Economics of Infrastructure Investment

Economics of Infrastructure Investment

An NBER conference on Economics of Infrastructure Investment took place November 15-16 in Cambridge. Research Associates Edward L. Glaeser of Harvard University and James M. Poterba of MIT organized the meeting, sponsored by the Smith Richardson Foundation. These researchers' papers were presented and discussed:


Leah Brooks, George Washington University, and Zachary Liscow, Yale University

Is Infrastructure Spending Like Other Spending?

Although infrastructure is a key input into economic growth, there is very limited systematic evidence on variation in infrastructure costs across over space and time. Brooks and Liscow document spatial variation in the cost of US infrastructure, focusing on the cost of constructing one new mile of Interstate highway over the period of major Interstate development. The variation in spending across states is large. If states spending over the median had limited their expenditure per mile to that of the median state, the Interstate system would have cost about $260 billion, or 40 percent less, to build. The researchers also investigate whether the pattern of spatial variation in Interstate spending per mile is similar to that of other locally important spending, similarity may indicate common cost drivers. The coefficient of variation for Interstate spending per mile is about four times that of Medicare per enrollee and twice that of Medicaid per enrollee. Variation in Interstate spending conditional on geographic cost drivers remains larger than that of publicly provided healthcare.
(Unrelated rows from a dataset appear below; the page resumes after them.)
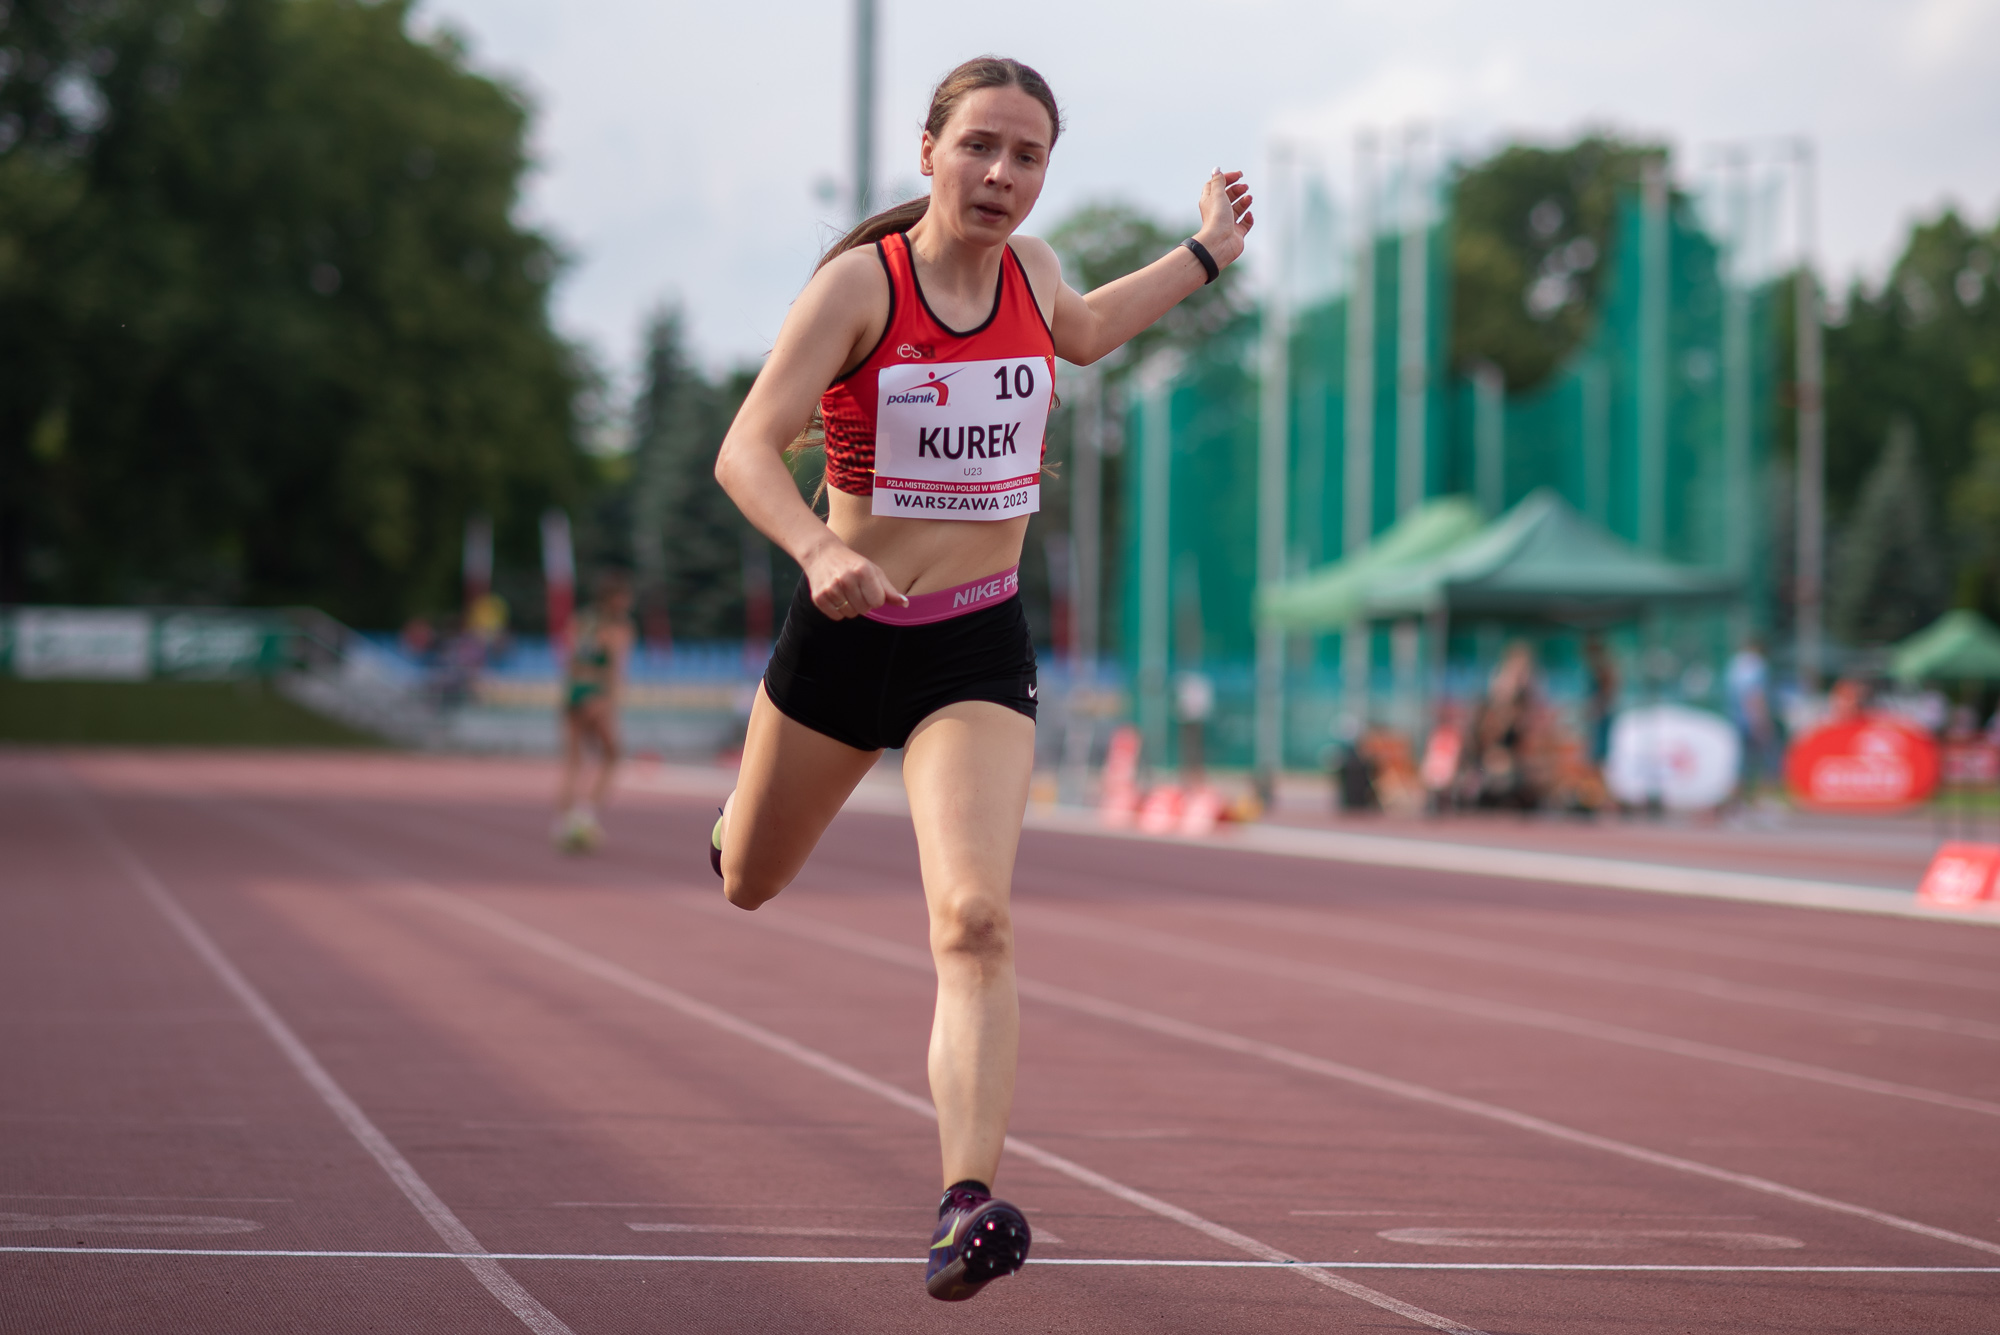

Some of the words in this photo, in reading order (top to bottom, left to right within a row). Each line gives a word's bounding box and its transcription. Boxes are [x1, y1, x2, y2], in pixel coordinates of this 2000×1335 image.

[993, 364, 1034, 400] 10
[886, 392, 936, 406] polanik
[918, 421, 1021, 460] KUREK
[963, 467, 982, 477] U23
[886, 479, 904, 488] PZLA
[904, 481, 956, 492] MISTRZOSTWA
[956, 484, 980, 492] POLSKI
[981, 484, 989, 492] W
[1022, 476, 1033, 485] 2023
[894, 493, 999, 511] WARSZAWA
[1003, 490, 1028, 509] 2023
[953, 579, 1001, 608] NIKE
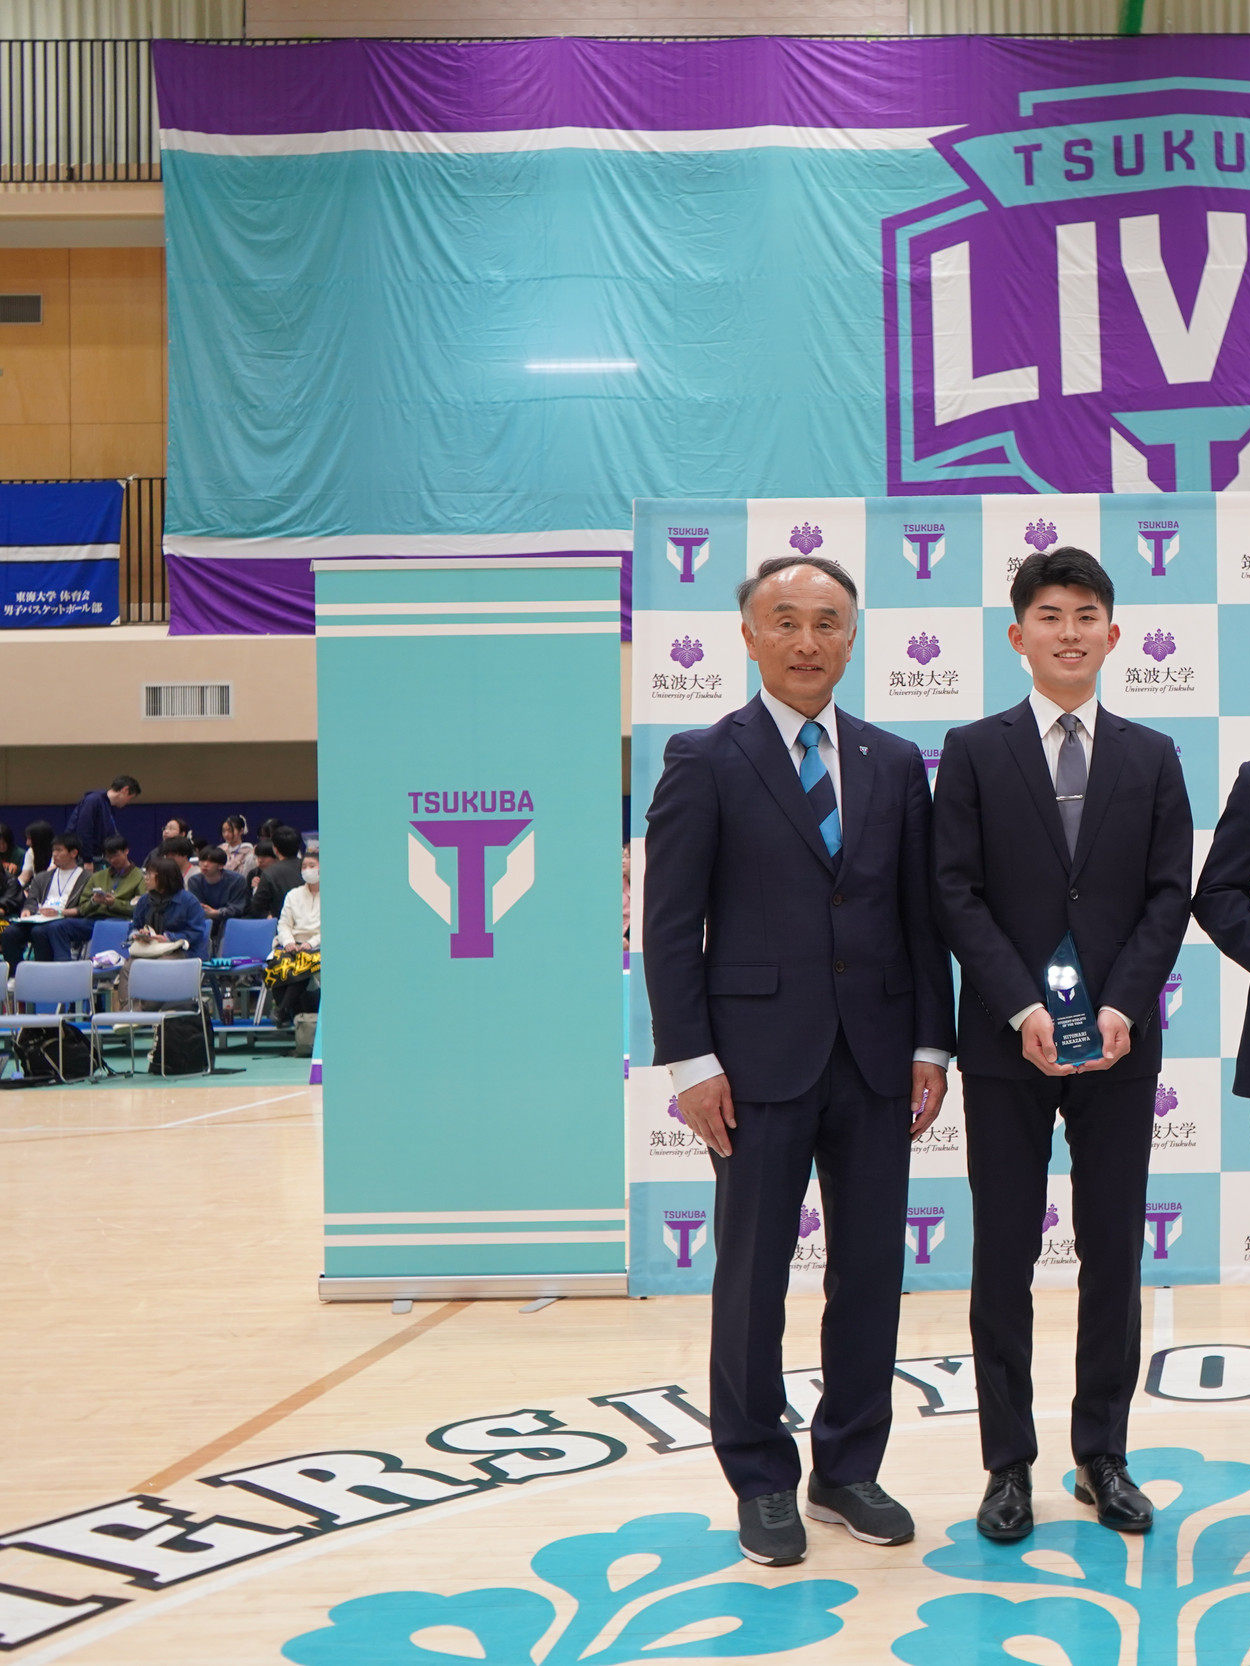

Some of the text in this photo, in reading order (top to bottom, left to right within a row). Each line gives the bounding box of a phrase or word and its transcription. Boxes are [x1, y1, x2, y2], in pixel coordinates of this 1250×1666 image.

[904, 523, 945, 532] TSUKUBA
[1138, 520, 1180, 529] TSUKUBA
[667, 527, 710, 536] TSUKUBA
[889, 670, 959, 688] 筑波大学
[1125, 667, 1194, 684] 筑波大学
[652, 673, 722, 691] 筑波大学
[888, 687, 959, 698] University of Tsukuba
[1125, 684, 1195, 694] University of Tsukuba
[651, 691, 722, 701] University of Tsukuba
[408, 790, 534, 814] TSUKUBA
[650, 1130, 703, 1147] 筑波大
[1168, 1140, 1196, 1148] Tsukuba
[649, 1148, 684, 1157] University
[907, 1206, 945, 1215] SUKUBA
[1146, 1202, 1182, 1211] SUKUBA
[663, 1210, 706, 1219] TSUKUBA
[1049, 1257, 1077, 1265] Tsukuba
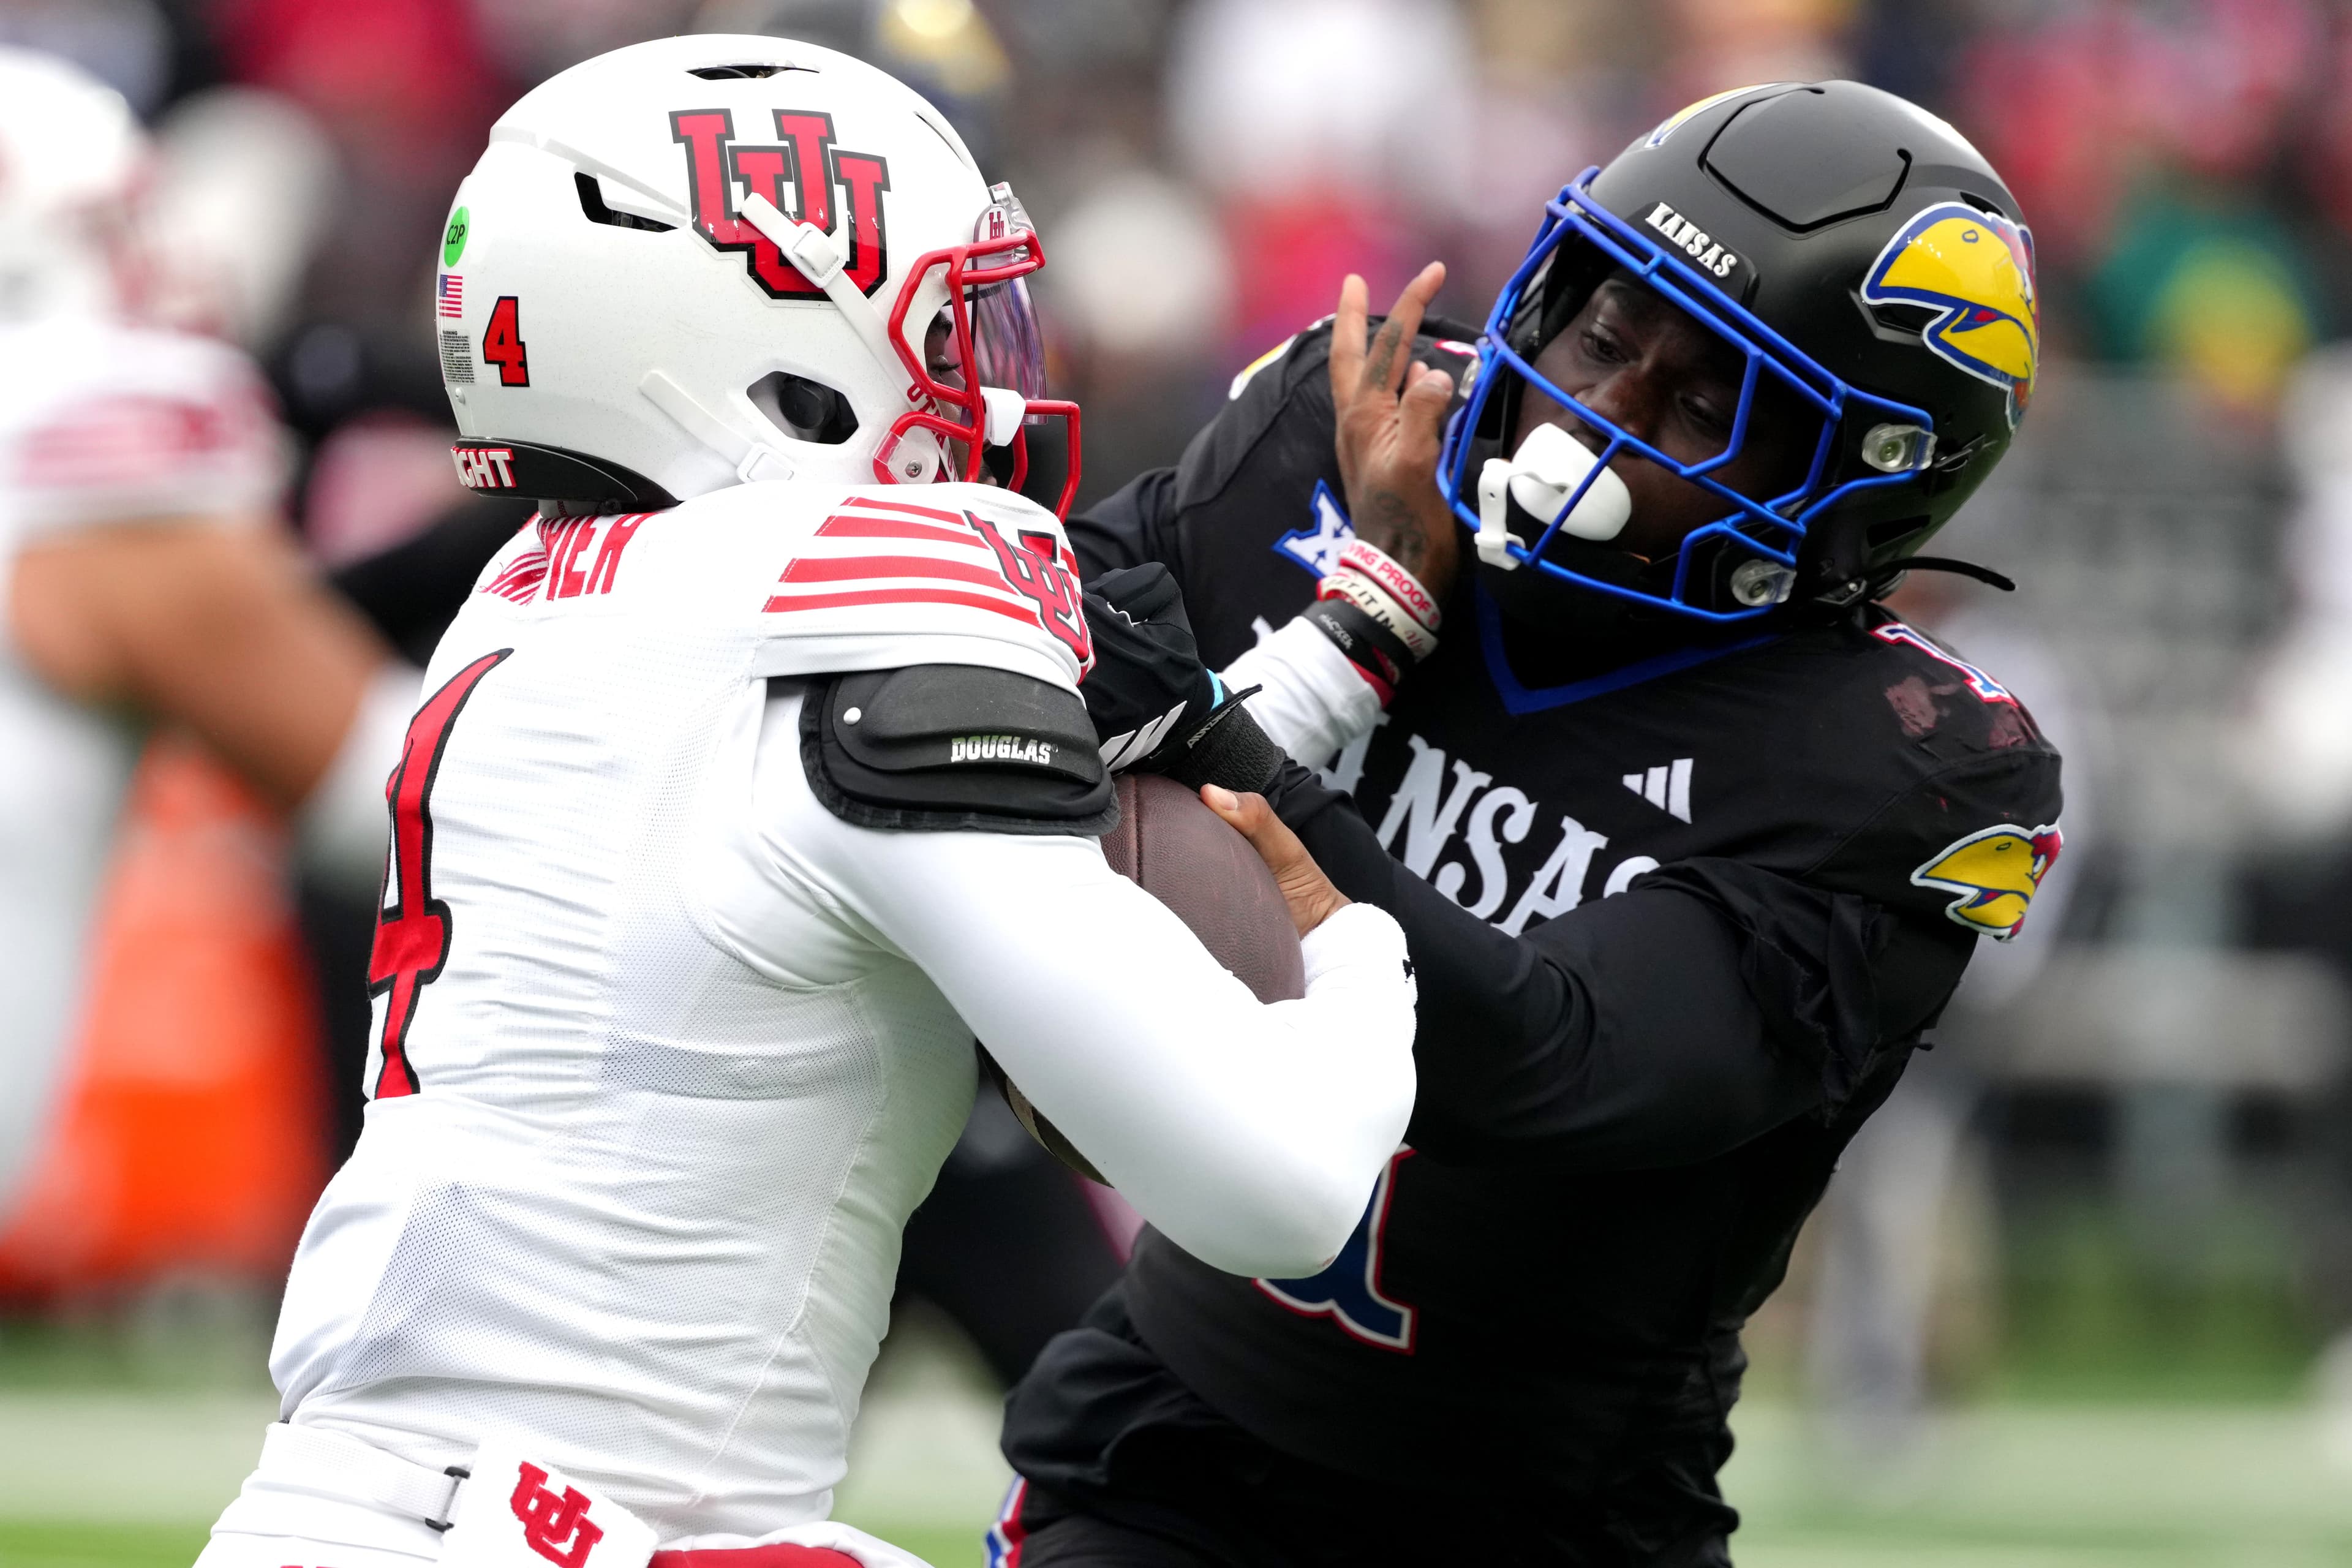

In a multivariate framework, Interstate spending per mile, net of geographic controls for cost of construction, is most strongly statistically related to Medicare spending per enrollee, an additional $1,000 in Medicare spending is associated with $1.3 million more dollars in Interstate spending per mile. Income and other demographic factors partially mediate this relationship.


Matthew Turner, Brown University and NBER, and Geetika Nagpal, Brown University

Transportation Infrastructure in the US


Jennifer Bennett, Robert Kornfeld, and David Wasshausen, Bureau of Economic Analysis, and Daniel E. Sichel, Wellesley College and NBER

Measuring Infrastructure in BEA's National Economic Accounts


Shane Greenstein, Harvard University and NBER

Digital Infrastructure

What determines variance in the supply of innovative digital infrastructure, and how does it shape economic outcomes? Greenstein covers the economic impact of deployment and adoption of access services, while in the latter part of the essay covering complementary activities that enables internet access to deliver better performance. The latter discussion uses examples to illustrate broad observations and issues, especially where statistical research lags business practices. Greenstein's research emphasizes economic research about the United States and covers the global experience when possible. It stresses the large number of unanswered policy-relevant research questions.


Valerie A. Ramey, University of California, San Diego and NBER

Macroeconomic Consequences of Infrastructure Investment

Ramey examines macroeconomic theory and empirical evidence on the short-run and long-run effects of government investment in developed economies such as the US. Ramey begins by presenting a stylized dynamic general equilibrium model in order to elucidate the economic intuition behind the effects. Ramey uses the model to explain the recent findings from the macroeconomic quantitative literature that short-run multipliers on government investment are likely to be lower than those on government consumption in most instances. Next, they analyze the leading empirical estimates of the long-run effects of public investment. Using insights and artificial data from the stylized model as a guide, Ramey demonstrates the econometric biases that may be present in some estimates from the literature. The research then reviews the empirical estimates on the short-run effects, with particular attention to the ARRA. Ramey builds on some of the existing literature to search for direct effects of highway infrastructure grants on construction employment. Like a number of papers from the literature, no positive effects are found. Ramey concludes that most of the research suggests that while government investment is likely to increase output in the long run, its short-run effects are near zero in most situations.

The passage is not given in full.